▶ **Task description**: Drop all images and give the records again exactly.

===== Provided records =====

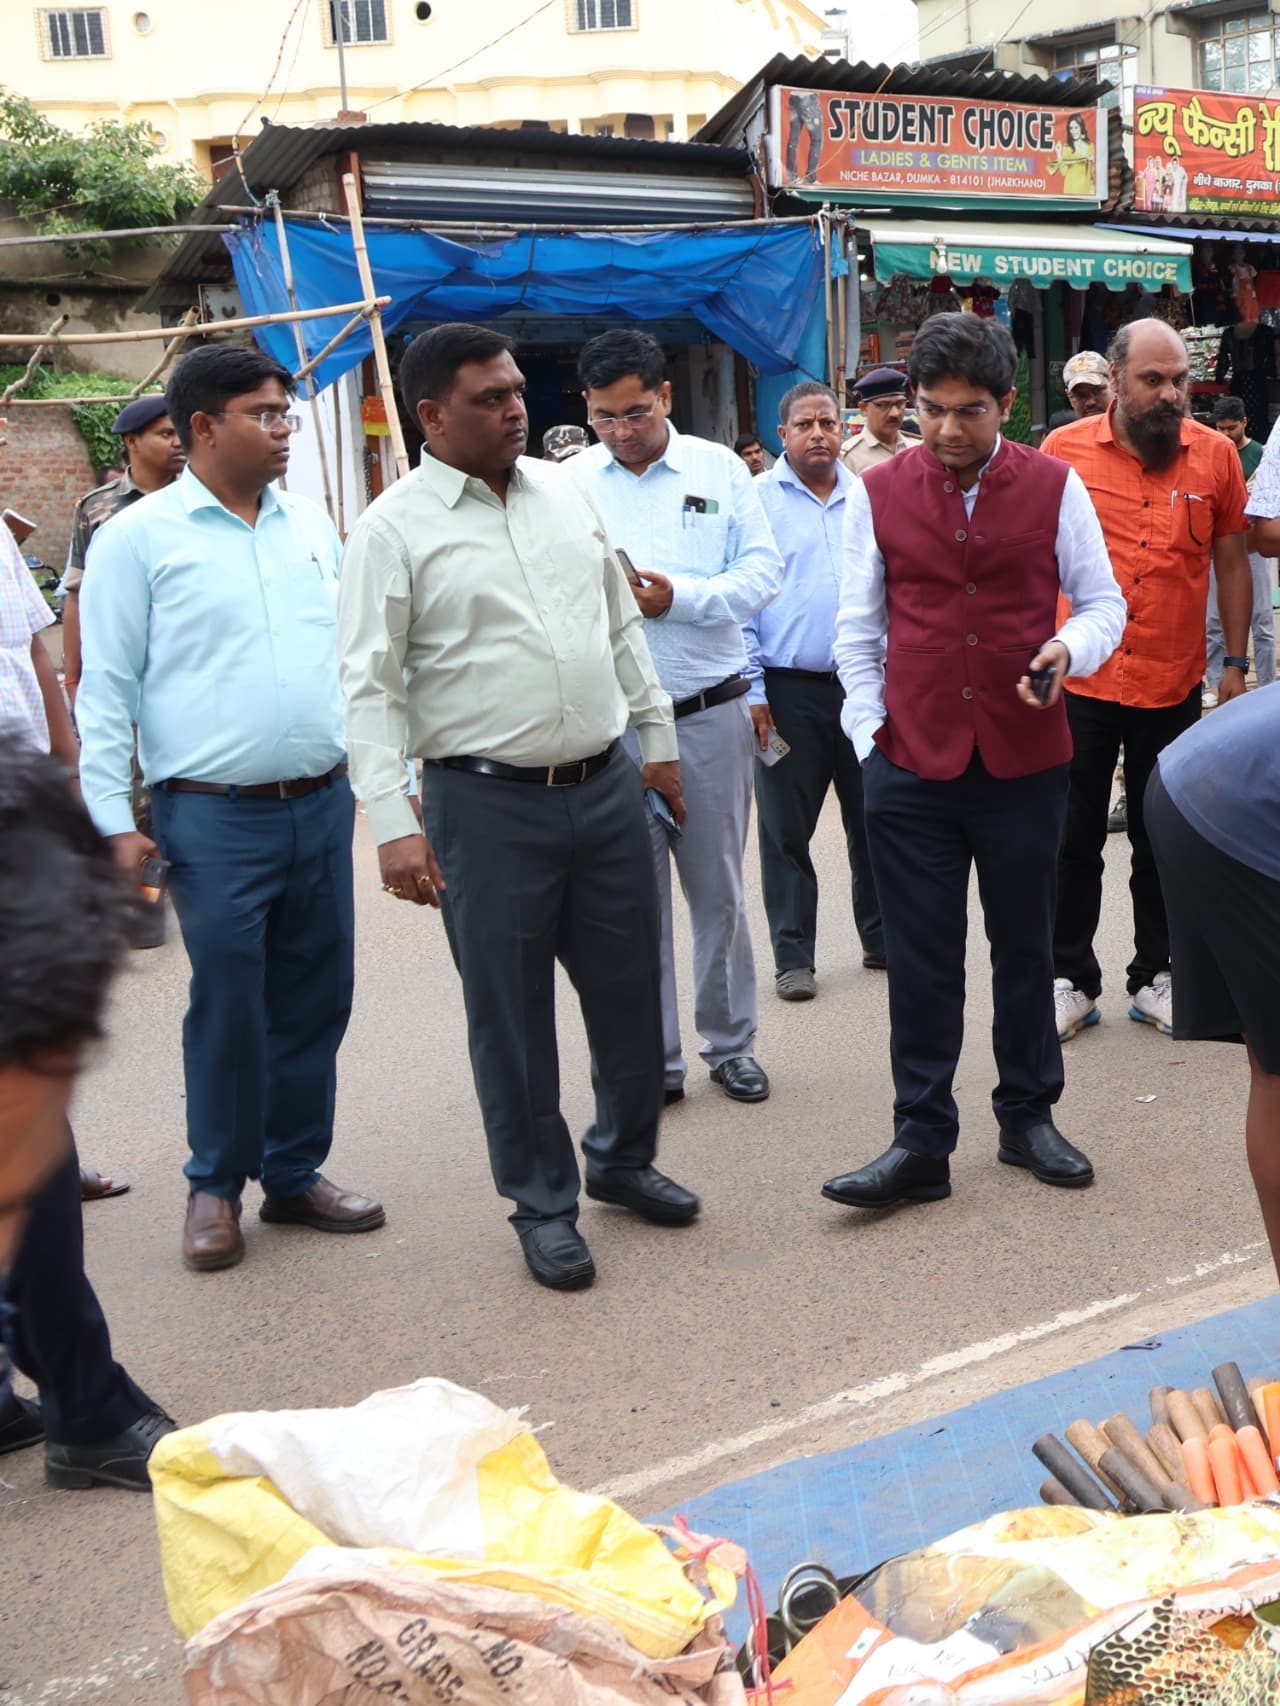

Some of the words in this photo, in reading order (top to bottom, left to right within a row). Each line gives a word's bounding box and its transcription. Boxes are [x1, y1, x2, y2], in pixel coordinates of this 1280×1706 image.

[827, 98, 954, 146] STUDENT
[962, 105, 1057, 152] CHOICE
[1137, 101, 1182, 156] न्यू
[860, 150, 913, 168] LADIES
[919, 154, 931, 168] &
[937, 153, 988, 171] GENTS
[992, 156, 1028, 172] ITEM
[839, 170, 869, 182] NICHE
[871, 171, 904, 184] BAZAR,
[907, 172, 940, 184] DUMKA
[950, 173, 984, 187] 814101
[987, 174, 1047, 190] (JHARKHAND)
[930, 250, 982, 273] NEW
[994, 255, 1096, 277] STUDENT
[1103, 258, 1178, 281] CHOICE
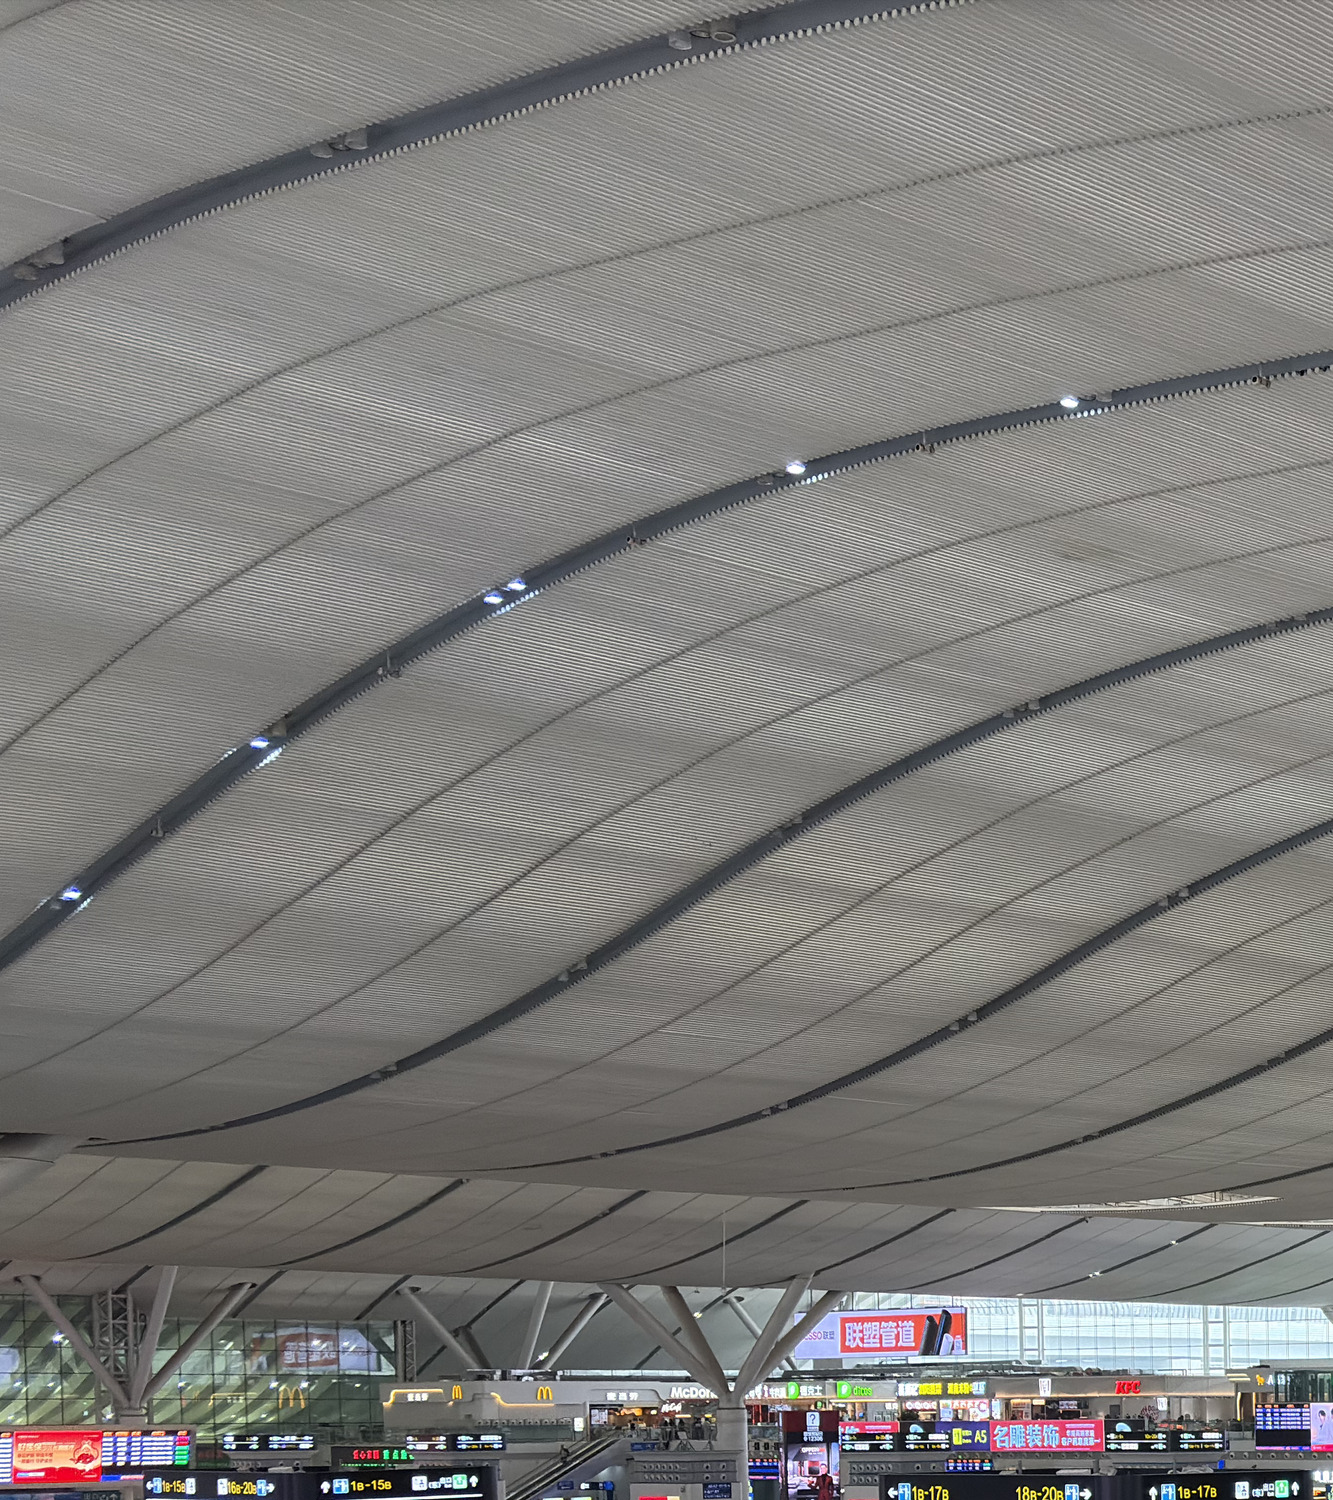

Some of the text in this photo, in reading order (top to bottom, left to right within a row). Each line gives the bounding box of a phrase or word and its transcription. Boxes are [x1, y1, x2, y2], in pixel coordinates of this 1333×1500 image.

[845, 1320, 916, 1349] 联塑管道
[853, 1384, 873, 1397] dicos
[1115, 1380, 1141, 1395] KFC
[974, 1429, 988, 1444] A5
[993, 1425, 1061, 1449] 名雕装饰
[351, 1479, 392, 1492] 1B-15B
[1177, 1485, 1218, 1500] 1B-17B
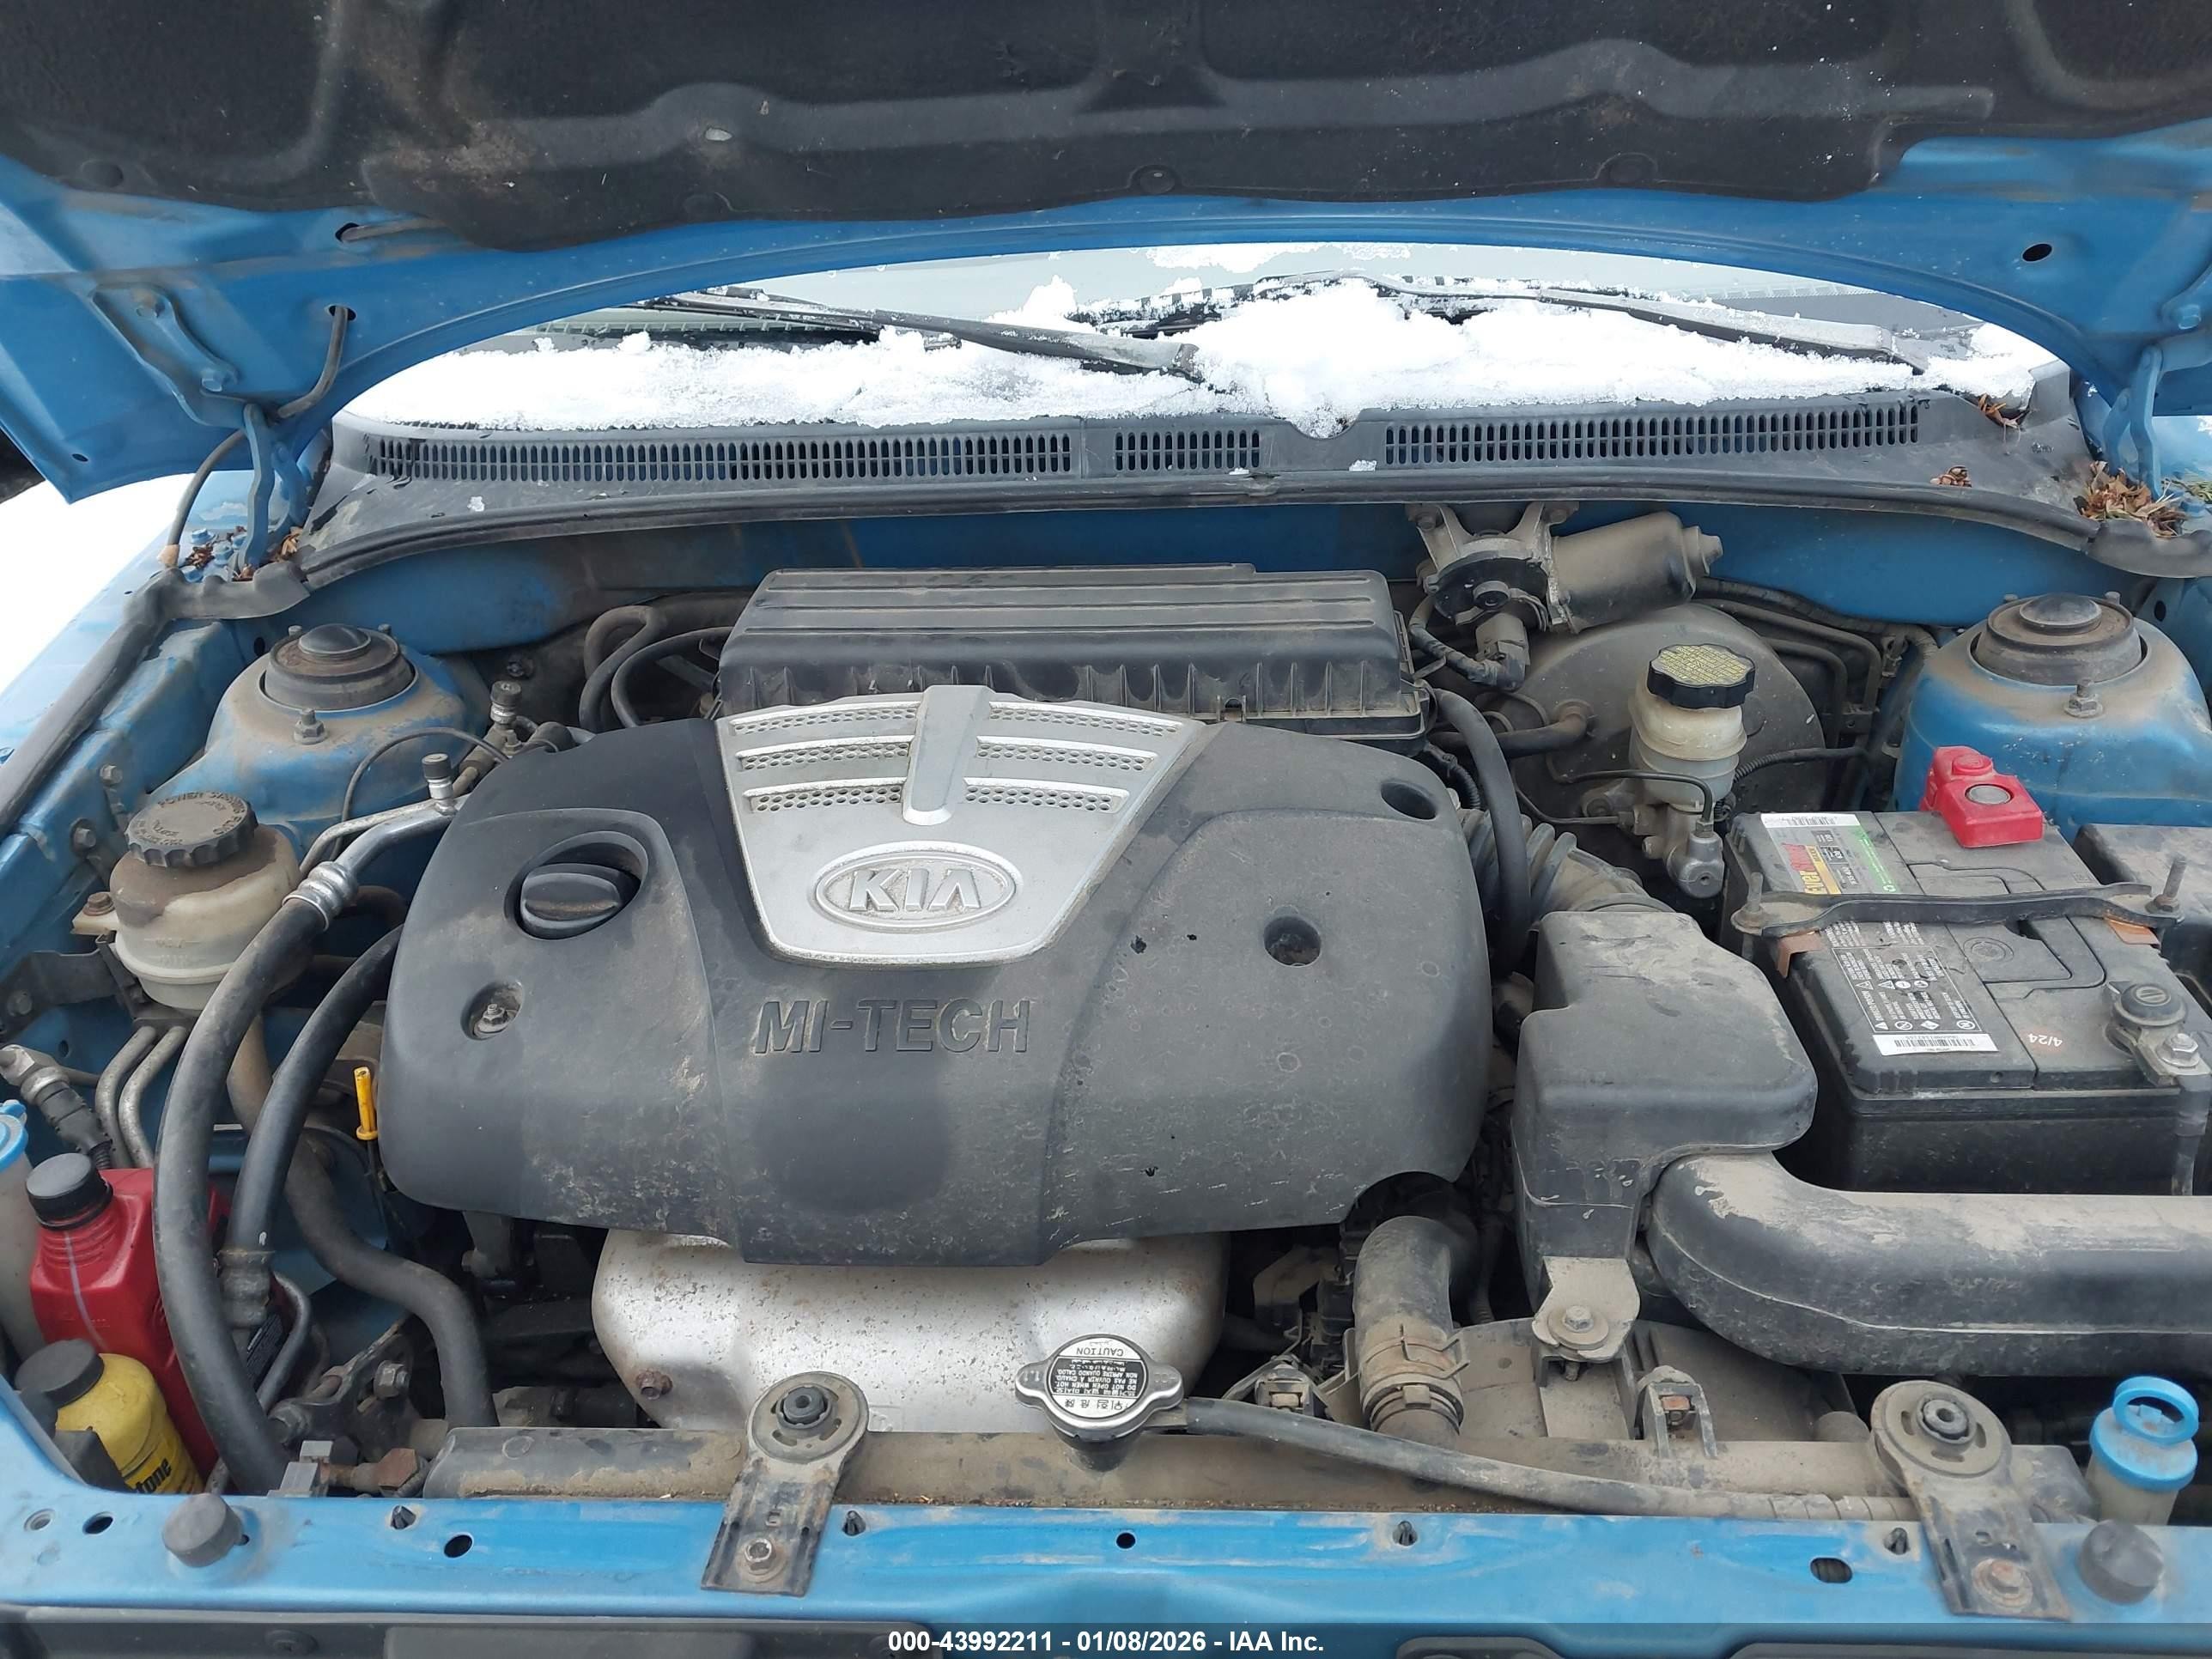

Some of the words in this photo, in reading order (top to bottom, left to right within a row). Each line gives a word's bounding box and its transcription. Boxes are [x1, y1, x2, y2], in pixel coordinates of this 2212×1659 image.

[848, 867, 981, 912] KIA
[752, 999, 1031, 1054] MI-TECH
[2027, 1033, 2063, 1048] 4/24
[1076, 1347, 1124, 1357] CAUTION
[1097, 1400, 1122, 1410] 위험

=====

▶ **Exercise solution**:
Some of the words in this photo, in reading order (top to bottom, left to right within a row). Each line gives a word's bounding box and its transcription. Boxes are [x1, y1, x2, y2], in pixel coordinates of this 1280×1706 image.

[827, 98, 954, 146] STUDENT
[962, 105, 1057, 152] CHOICE
[1137, 101, 1182, 156] न्यू
[860, 150, 913, 168] LADIES
[919, 154, 931, 168] &
[937, 153, 988, 171] GENTS
[992, 156, 1028, 172] ITEM
[839, 170, 869, 182] NICHE
[871, 171, 904, 184] BAZAR,
[907, 172, 940, 184] DUMKA
[950, 173, 984, 187] 814101
[987, 174, 1047, 190] (JHARKHAND)
[930, 250, 982, 273] NEW
[994, 255, 1096, 277] STUDENT
[1103, 258, 1178, 281] CHOICE

Some of the text in this photo, in reading order (top to bottom, left to right within a row). Each line gives the bounding box of a phrase or word and its transcription. Boxes are [x1, y1, x2, y2], in pixel coordinates of this 1333×1500 image.

[845, 1320, 916, 1349] 联塑管道
[853, 1384, 873, 1397] dicos
[1115, 1380, 1141, 1395] KFC
[974, 1429, 988, 1444] A5
[993, 1425, 1061, 1449] 名雕装饰
[351, 1479, 392, 1492] 1B-15B
[1177, 1485, 1218, 1500] 1B-17B

Some of the words in this photo, in reading order (top to bottom, left to right within a row). Each line gives a word's bounding box and its transcription. Boxes are [x1, y1, x2, y2], in pixel coordinates of this 2212×1659 image.

[848, 867, 981, 912] KIA
[752, 999, 1031, 1054] MI-TECH
[2027, 1033, 2063, 1048] 4/24
[1076, 1347, 1124, 1357] CAUTION
[1097, 1400, 1122, 1410] 위험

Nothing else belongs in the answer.